Biocompatibility and device integration: 3D printed materials, adhesives, and actuation artifacts (eddy current, viscous heating) must not exceed endothelial damage thresholds (~100 Pa shear stress, <2°C temperature rise) (Lu et al., 4 Jan 2026).
Sterilization and durability: Surgical dissectors and milli-spinners must adhere to ISO 10993 (materials), ICNIRP (magnetic field exposure), and withstand repeated cycles without mechanical degradation (Zhu et al., 3 Feb 2026).
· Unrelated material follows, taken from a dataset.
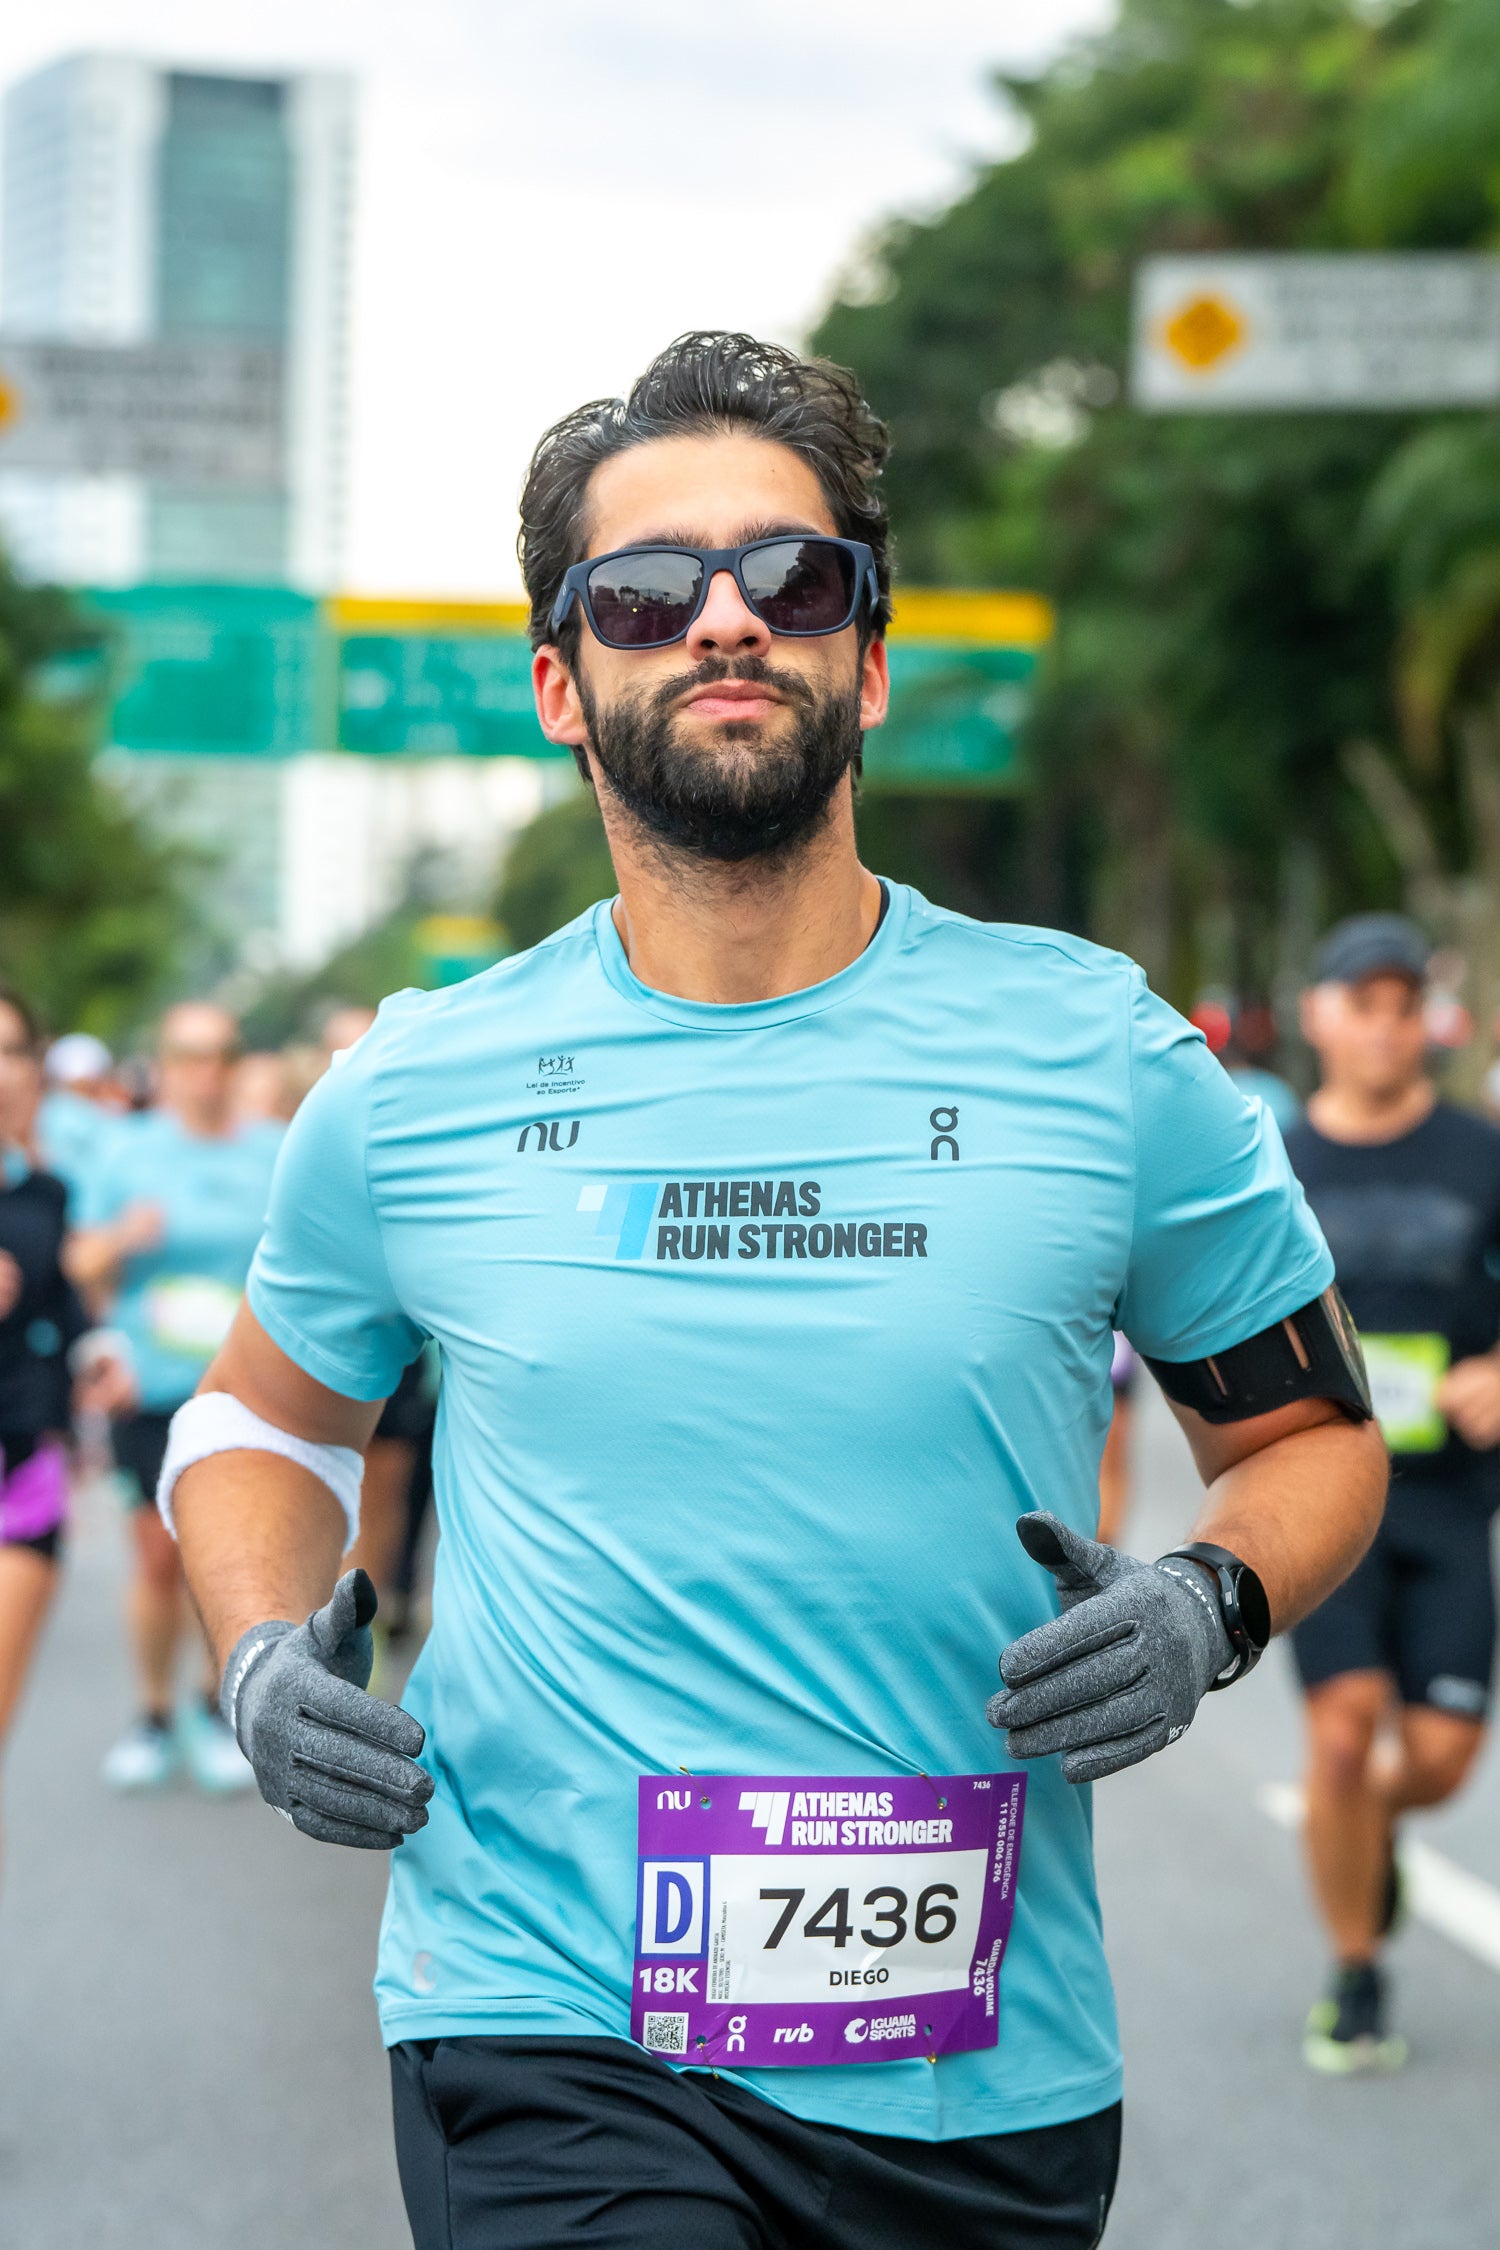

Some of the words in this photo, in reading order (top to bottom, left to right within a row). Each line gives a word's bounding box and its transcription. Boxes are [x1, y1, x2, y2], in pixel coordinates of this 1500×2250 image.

6. Limitations, Open Challenges, and Future Research Directions

Current rMT systems exhibit several limitations:

Anatomical diversity: Most validation involves one or a few anatomical models (phantoms or CT-derived vasculatures). Expansion to more patient-specific geometries, including variations of the Circle of Willis, is needed (Robertshaw et al., 20 Feb 2026).
Device diversity: Straight catheters underperform on left-sided or highly tortuous paths; work is ongoing to adapt these algorithms to shaped and microcatheters, as well as micro-guidewires (Robertshaw et al., 31 Mar 2025).
Distal navigation and clot retrieval: Full-pathway automation (A₄/A₅) for clot engagement and extraction remains an open problem.
Sensory limitations: Absence of high-resolution force sensing and visual feedback constrains safe manipulation in distal/scarce vessel regions (Zhu et al., 3 Feb 2026).
Phantom vs. in vivo gap: Elastic, compliant, pulsatile vasculature, blood viscosity, and clot morphologies are not yet fully modeled or validated (Lawson et al., 2024).
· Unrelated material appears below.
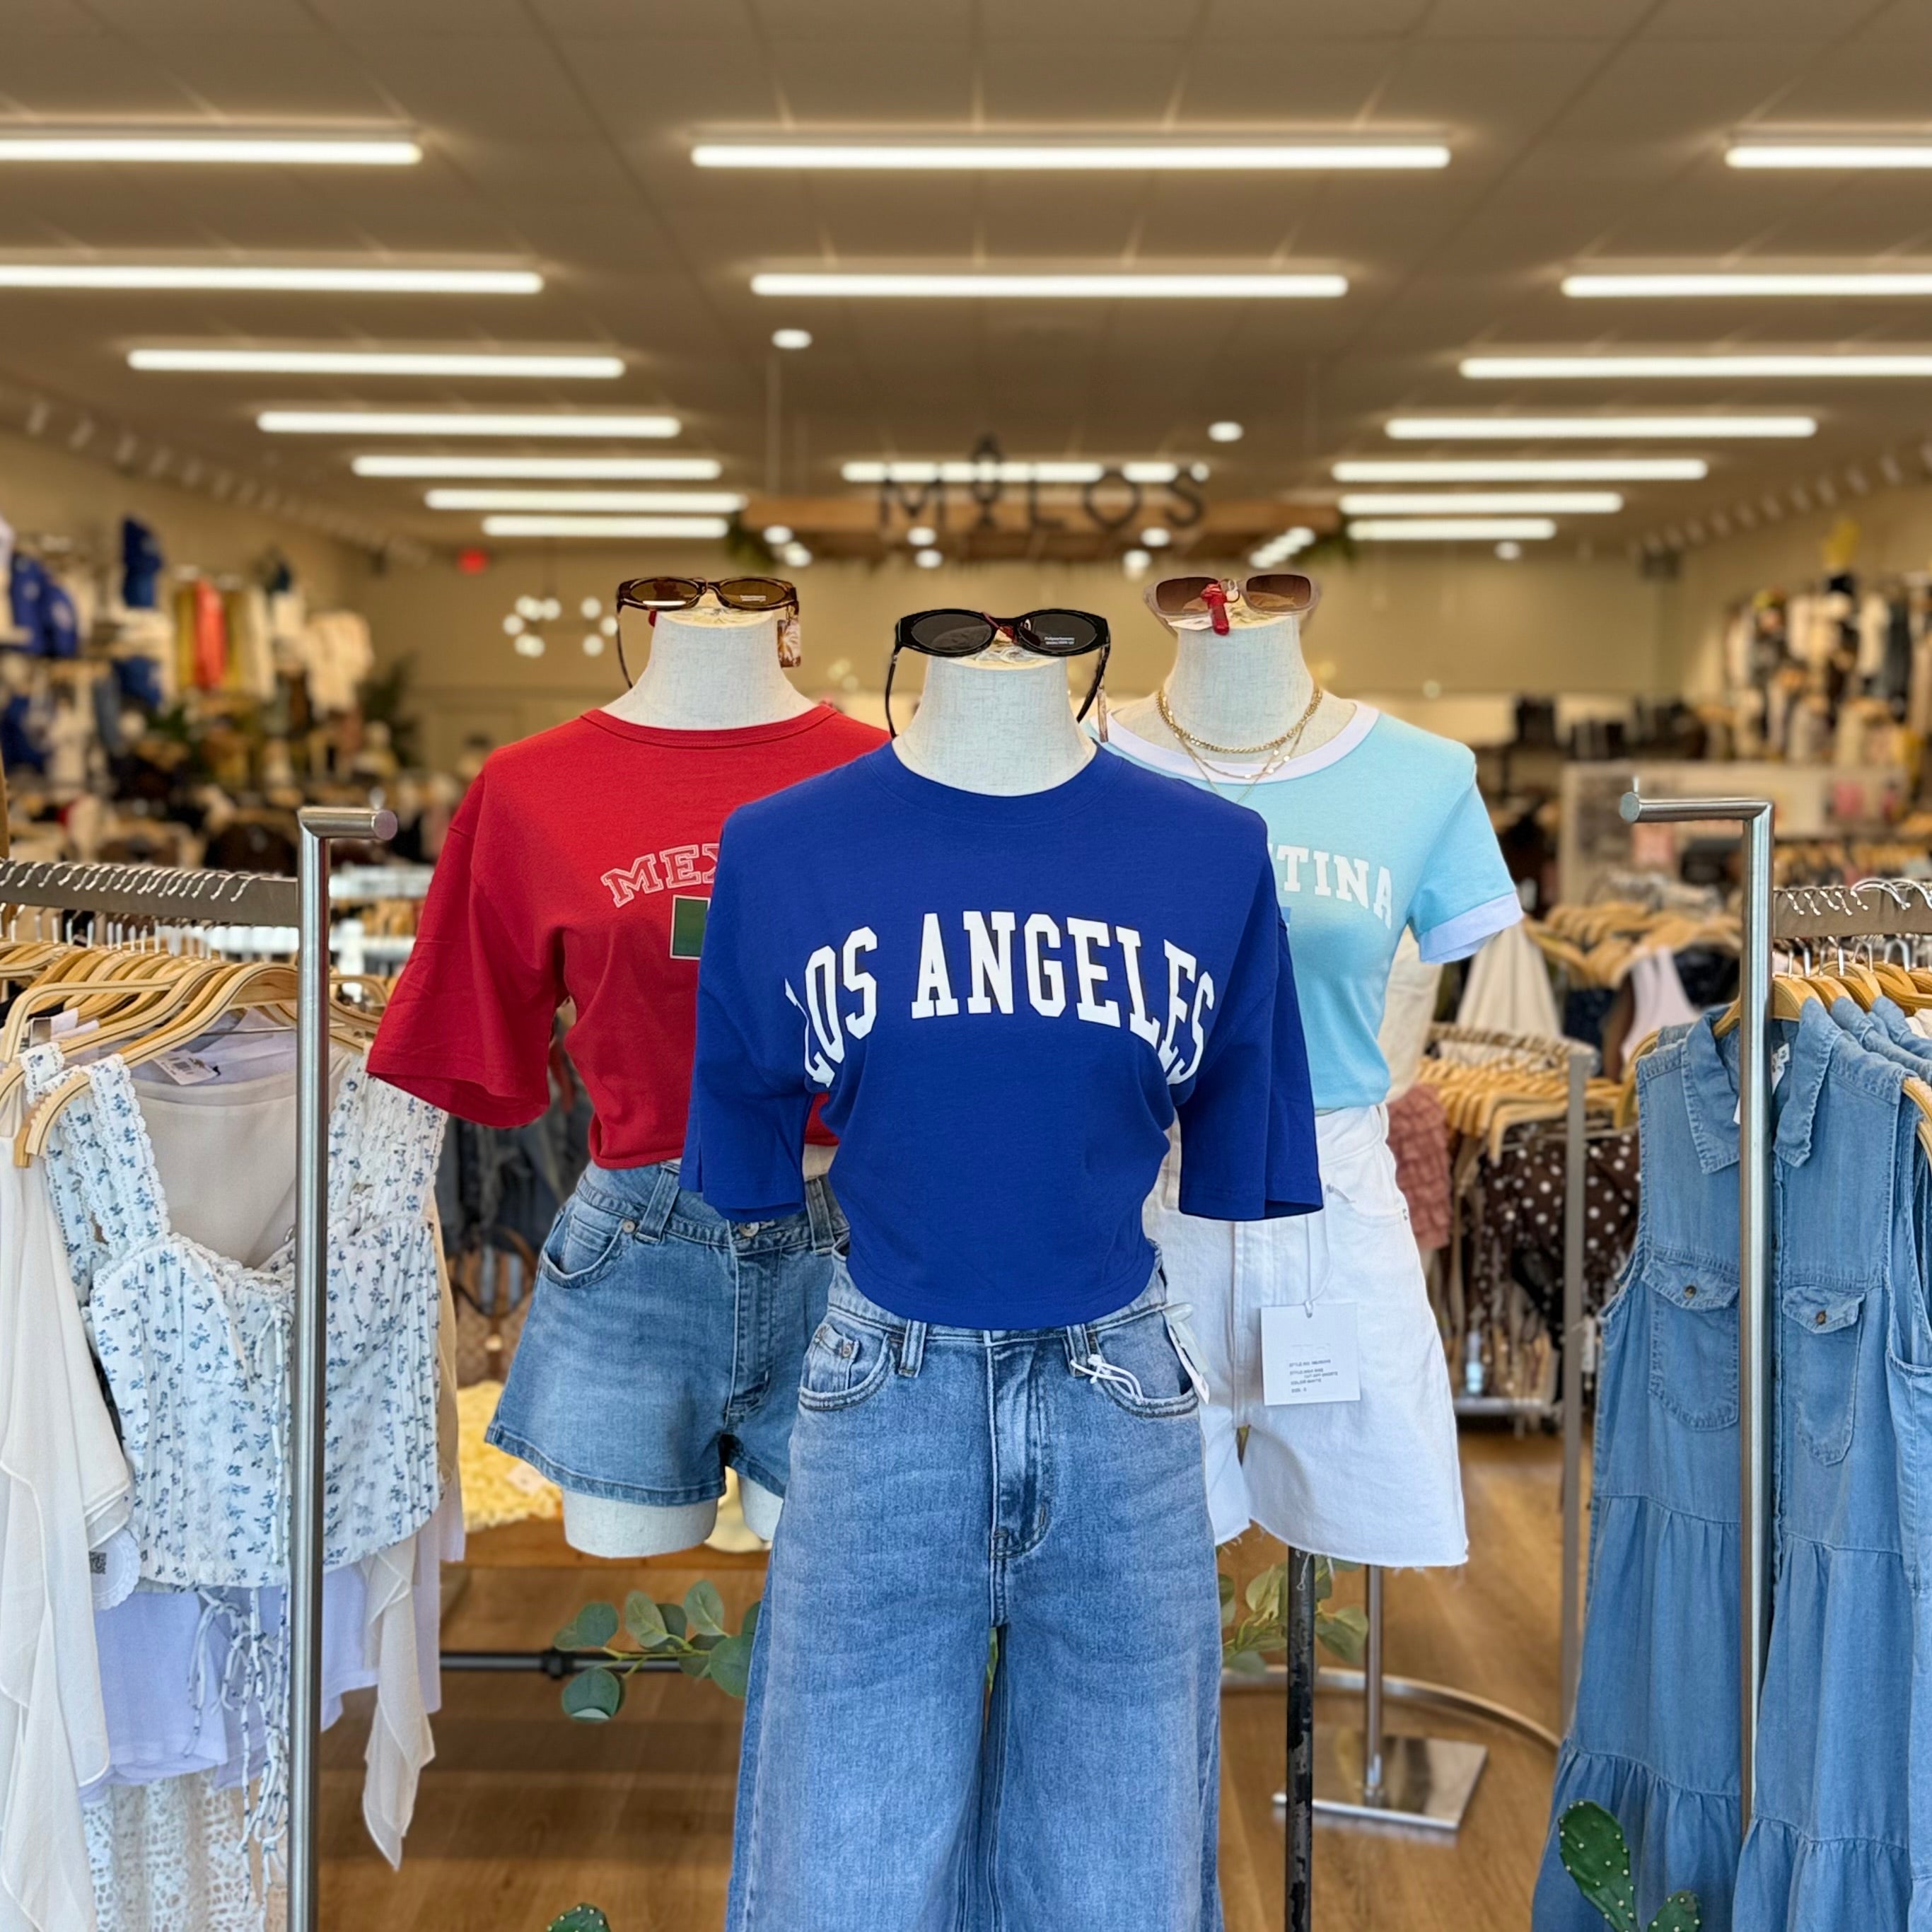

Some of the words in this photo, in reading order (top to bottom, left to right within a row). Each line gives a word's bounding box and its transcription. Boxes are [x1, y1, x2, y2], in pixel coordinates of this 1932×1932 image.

[1267, 843, 1392, 931] TINA
[784, 926, 878, 1088] LOS
[912, 910, 1214, 1086] ANGELES
Planned future avenues include:

In vivo (animal/cadaver) and ex vivo validation for real compliance and flow.
Closed-loop force and imaging augmentation (e.g., MRI compatibility, ultrasound tracking, fluorescence monitoring).
End-to-end computer vision pipelines for RL using raw imaging data.
Data-driven self-calibration: Tele-operated data collection for patient- and operator-specific IRL reward estimation, expediting clinical system deployment (Robertshaw et al., 2024).
Streaming sensory inference and miniaturization of sensor/actuator packages for improved operator feedback in live procedures.
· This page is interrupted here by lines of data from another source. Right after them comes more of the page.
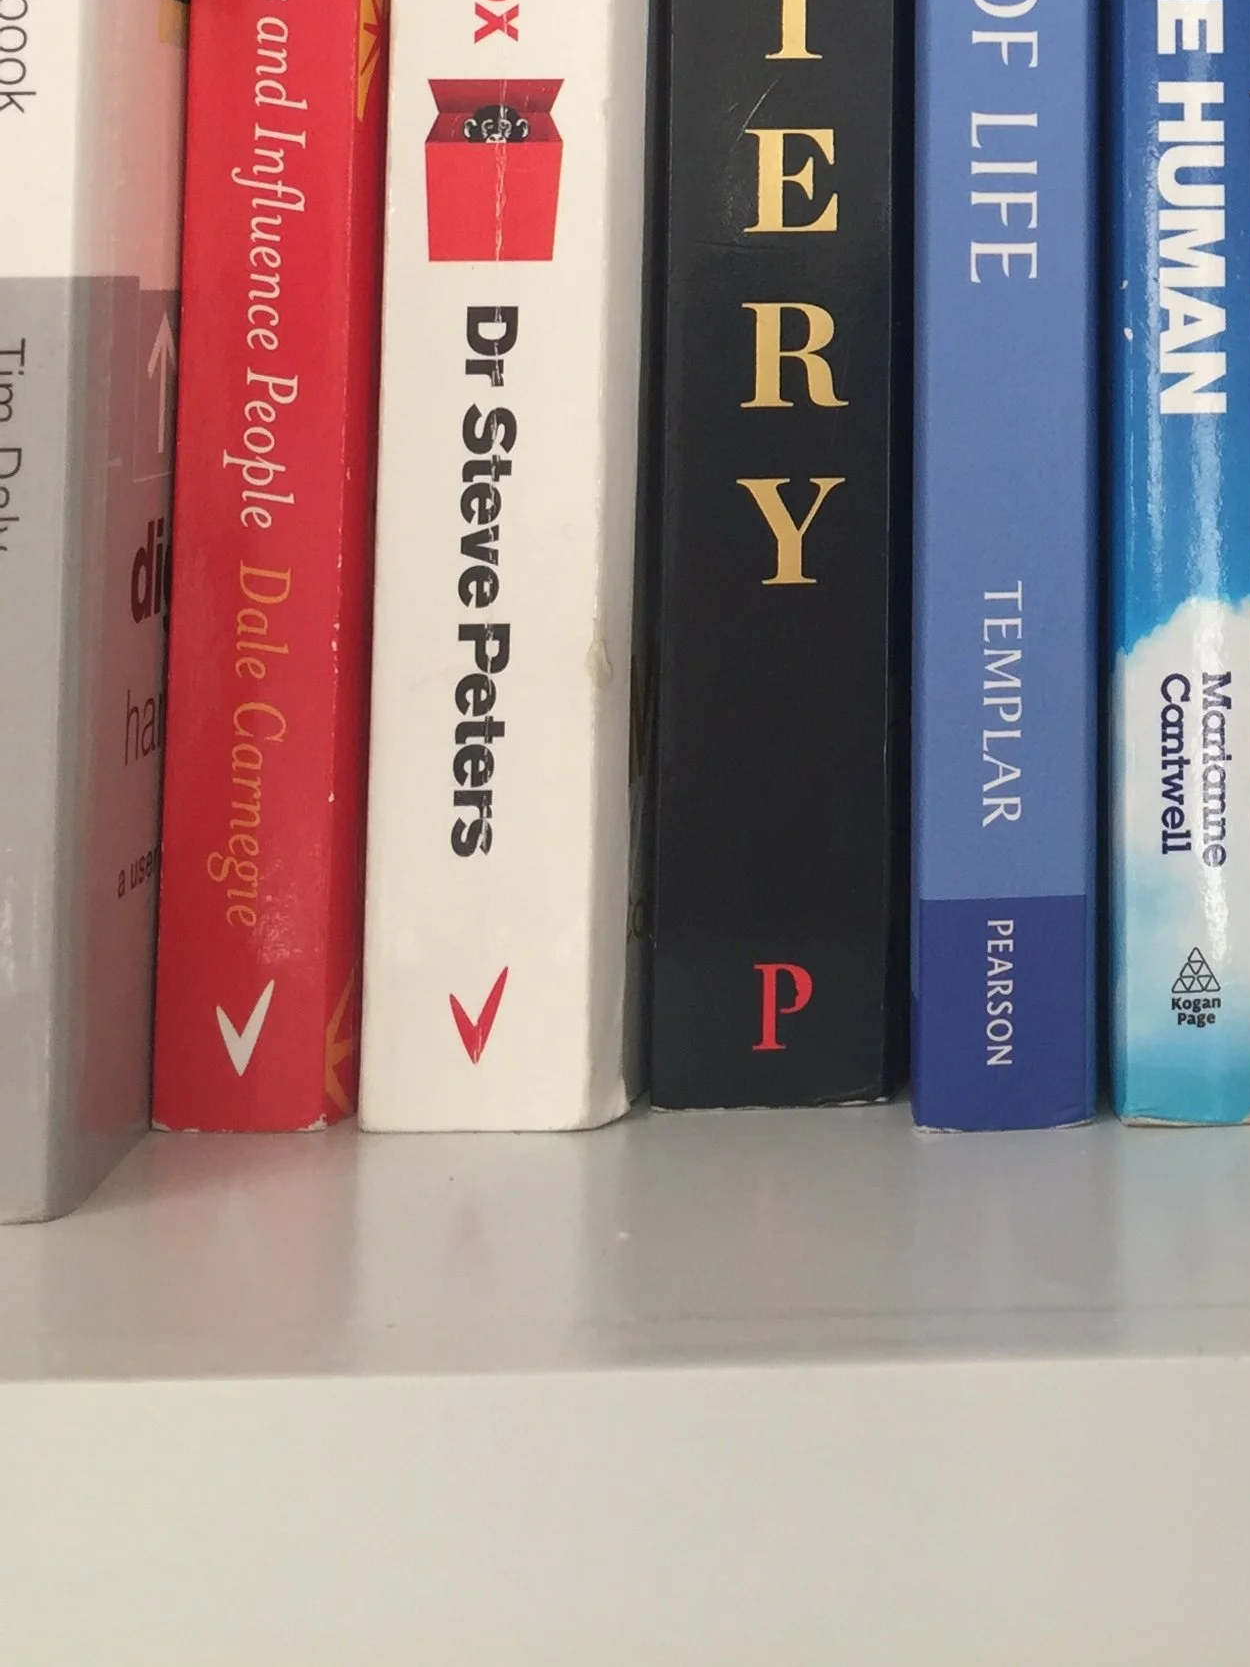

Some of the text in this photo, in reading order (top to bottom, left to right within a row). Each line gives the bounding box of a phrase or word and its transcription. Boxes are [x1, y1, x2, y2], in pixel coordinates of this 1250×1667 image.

[254, 16, 308, 108] and
[232, 119, 306, 350] Influence
[970, 110, 1039, 285] LIFE
[1157, 80, 1227, 415] HUMAN
[223, 367, 298, 531] People
[450, 306, 519, 859] Dr Steve Peters
[207, 559, 291, 928] Dale Carnegie
[982, 580, 1022, 828] TEMPLAR
[1160, 672, 1191, 855] Cantwell
[1202, 671, 1232, 869] Marianne
[118, 869, 126, 899] a
[751, 963, 813, 1051] P
[986, 919, 1014, 1067] PEARSON
[1171, 996, 1221, 1015] Kogan
[1177, 1010, 1215, 1027] Page
Summary Table: Key RL-Based Robotic MT Results

System/Study	Navigation Success	Real Model Proof	Safety Feedback	Notable Limitation
HM-MARL (Robertshaw et al., 20 Feb 2026)	100% right ICA (in silico, in vitro); 80% right ICA (in vitro)	Yes (phantom)	No (motor currents planned)	No left ICA with straight catheters
TD-MPC2 (Robertshaw et al., 29 Sep 2025)	65% (10 anatomies, multi-task)	No	No	High PT, imaging domain gap
Safe Dual-Device RL (Robertshaw et al., 31 Mar 2025)	96% to MCA (sim)	No	Force (0.24 N avg)	2D simulation only
IRL and Reward Shaping (Robertshaw et al., 2024)	100% (dual-device, shaped); 48% (IRL-only)	No	No	Reward misspecification, state realism

Robotic mechanical thrombectomy has advanced from proof-of-concept simulation to in vitro validation of multi-agent, safety-aware, and data-driven navigation policies, with optimized actuation and sensing systems. Primary barriers to clinical adoption remain sim2real translation, regulatory integration, sensory feedback completeness, and anatomical generalizability. Ongoing research focuses on world model RL, imaging-based perception, improved phantoms and in vivo testing, and hybrid autonomy frameworks compatible with existing clinical workflows.